We color-coded the houses down on Chestnut Street to keep conversations on a relevant level. What started out as plans for a studio and teaching area, turned into a necessary home for my daughter and me when I decided to leave our Illinois Avenue home.

     The shotgun house was over 100 years old and in need of much work. I had watched friends tackle bricks and mortar tasks in the area and knew I could handle a lot of the work as I had helped some of them on occasions and had come to the conclusion that construction was putting things together with hammers and nails in much the same manner as I had used needles and thread to make clothing for myself and my children.

     The building served as an art class teaching area as well as a residence for us.

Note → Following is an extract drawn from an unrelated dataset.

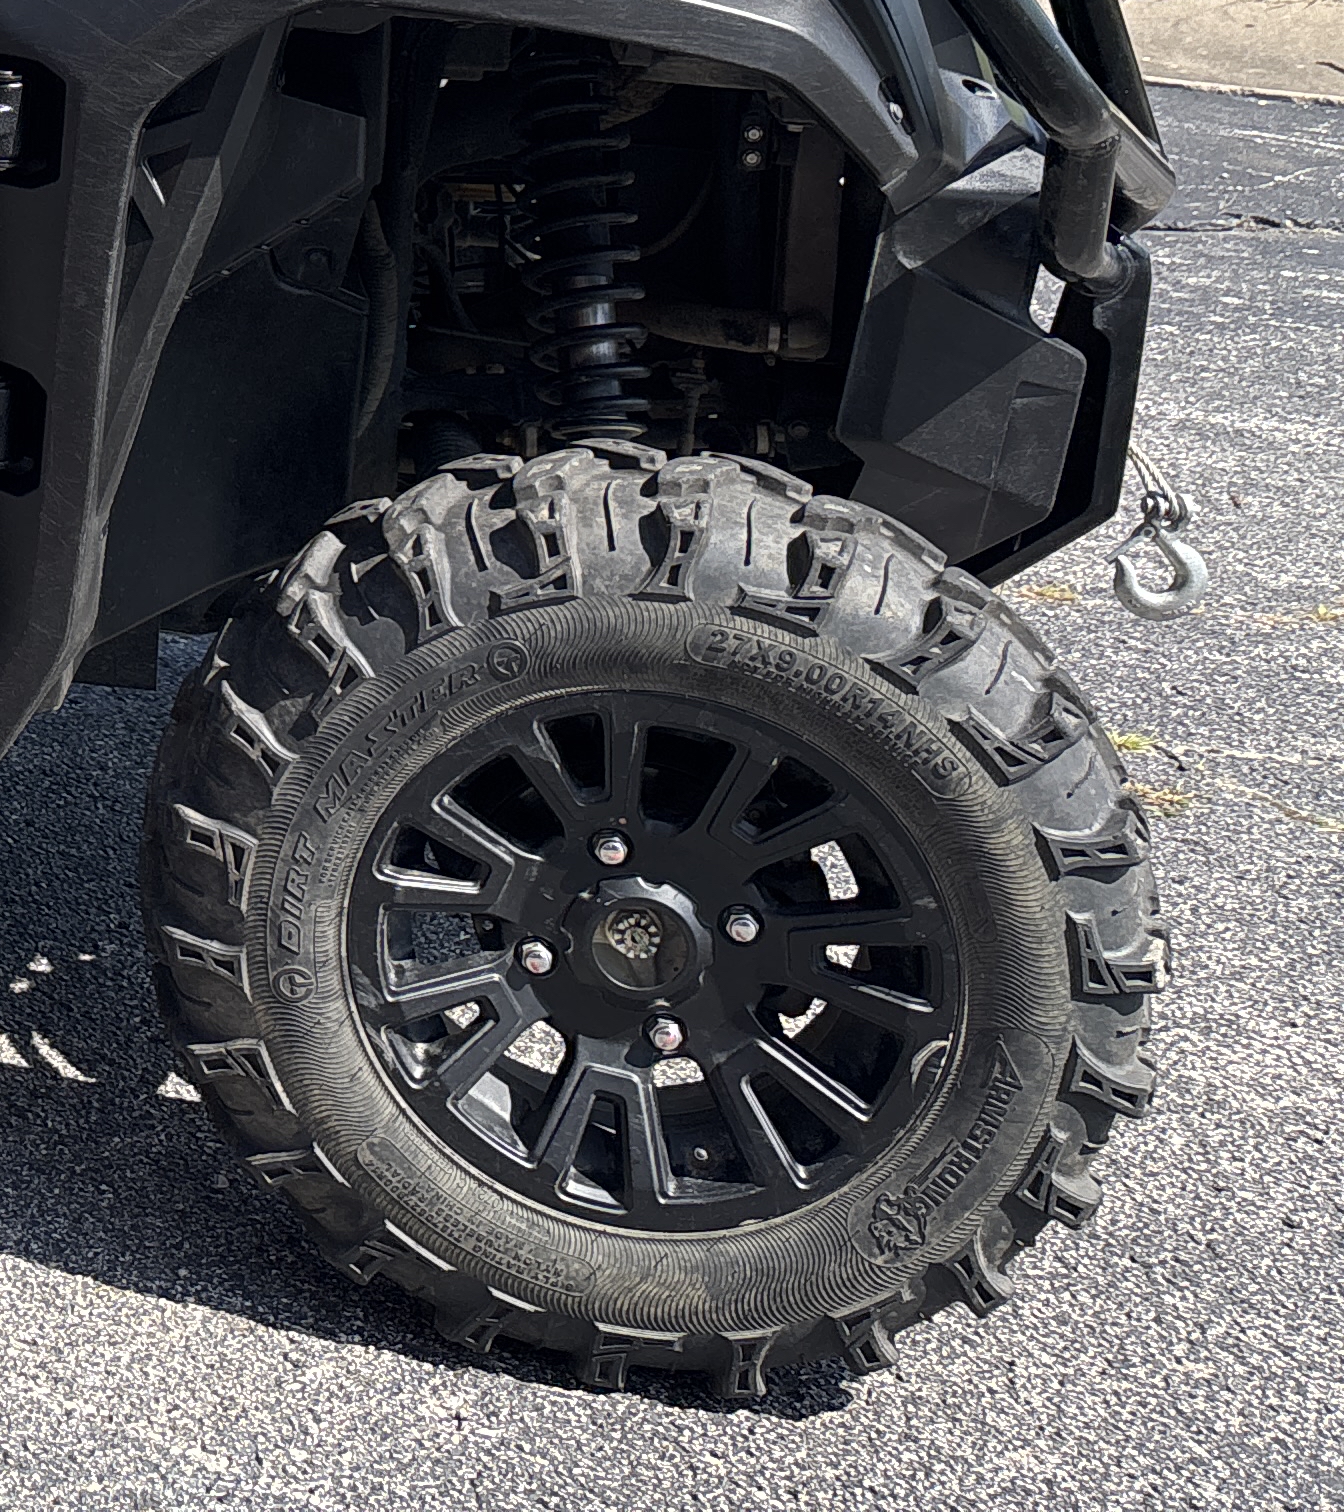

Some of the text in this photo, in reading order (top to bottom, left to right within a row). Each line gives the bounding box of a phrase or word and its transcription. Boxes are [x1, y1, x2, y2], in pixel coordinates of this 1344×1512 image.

[279, 831, 322, 955] DIRT
[314, 662, 482, 824] MASTER
[906, 1034, 1024, 1216] ARMSTRONG

     In the middle of knocking down plaster from the walls, I learned about a restoration grant for which I could apply. The grant allowed me to hire a contractor for a much more complicated change to the building

     By removing all the dividing walls and tuc pointing the entire structure before the contractor took over the project, my plan of running a hall down one side with two rooms leading off of it changed the building from a shotgun house to one with two private bedrooms.           I removed a chimney along the hallway and inserted a window that provided cross ventilation unheard of in shotgun houses.

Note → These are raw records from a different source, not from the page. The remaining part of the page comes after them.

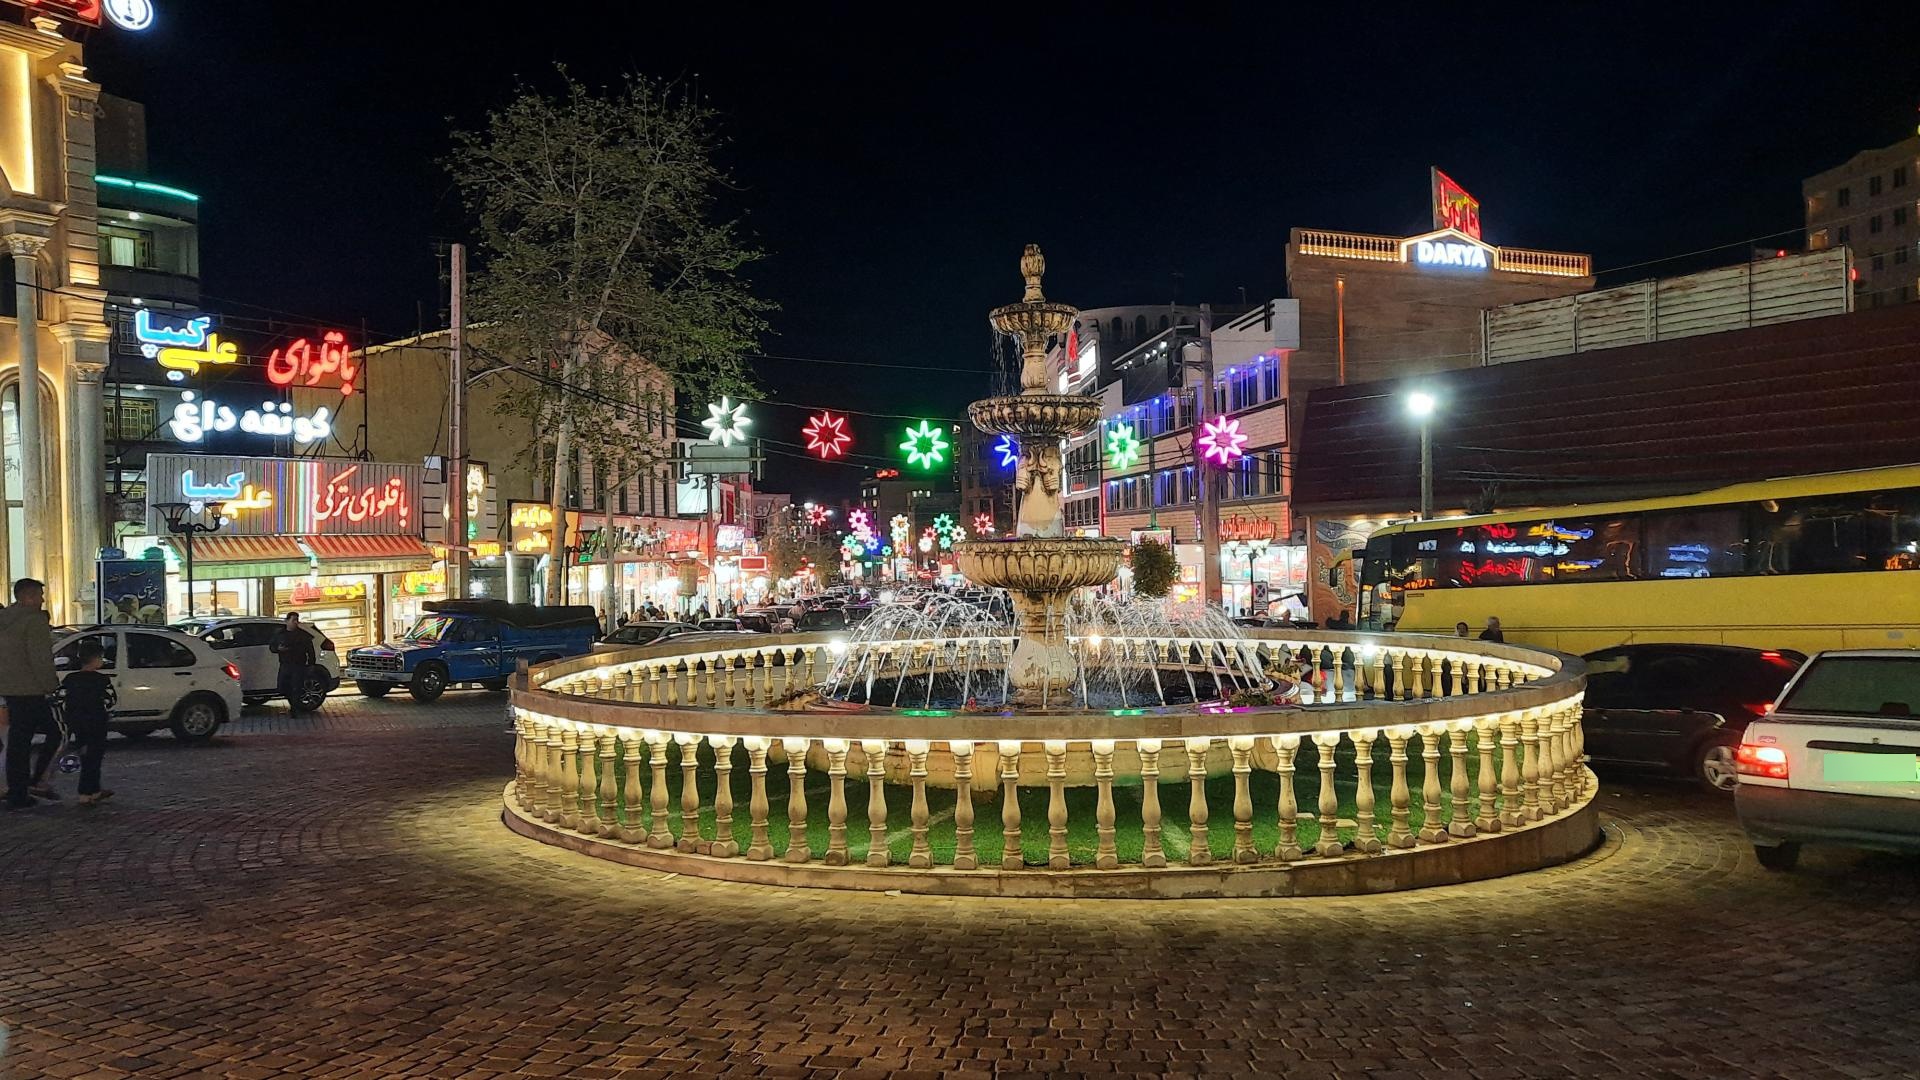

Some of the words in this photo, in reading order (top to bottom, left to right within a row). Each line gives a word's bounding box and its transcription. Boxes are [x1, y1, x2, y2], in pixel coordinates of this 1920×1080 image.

[1417, 241, 1487, 269] DARYA
[267, 331, 355, 395] باقلوای
[169, 390, 237, 443] داغ
[239, 401, 331, 443] کونفه
[314, 465, 357, 521] ترکی
[347, 478, 409, 527] باقلوای

     I had watched a bricklayer work at a friend’s structure down the street to learn the process of tuc pointing. What I didn’t realize was how often he carefully dried his hands with a rag tucked into his back pocket. That part went right over my head. In my way of thinking, to protect hands, one would, of course, wear gloves. The result was I ended up with wrinkled fingers minus their tips. Arriving at a family gathering to celebrate my birthday, band-aids and vitamin E eased my pain while the experience guaranteed I would not forget that lesson.

     The rigors of being a Marine Corps wife had prepared me for those early years on Chestnut Street in Louisville, Kentucky’s Phoenix Hill Neighborhood.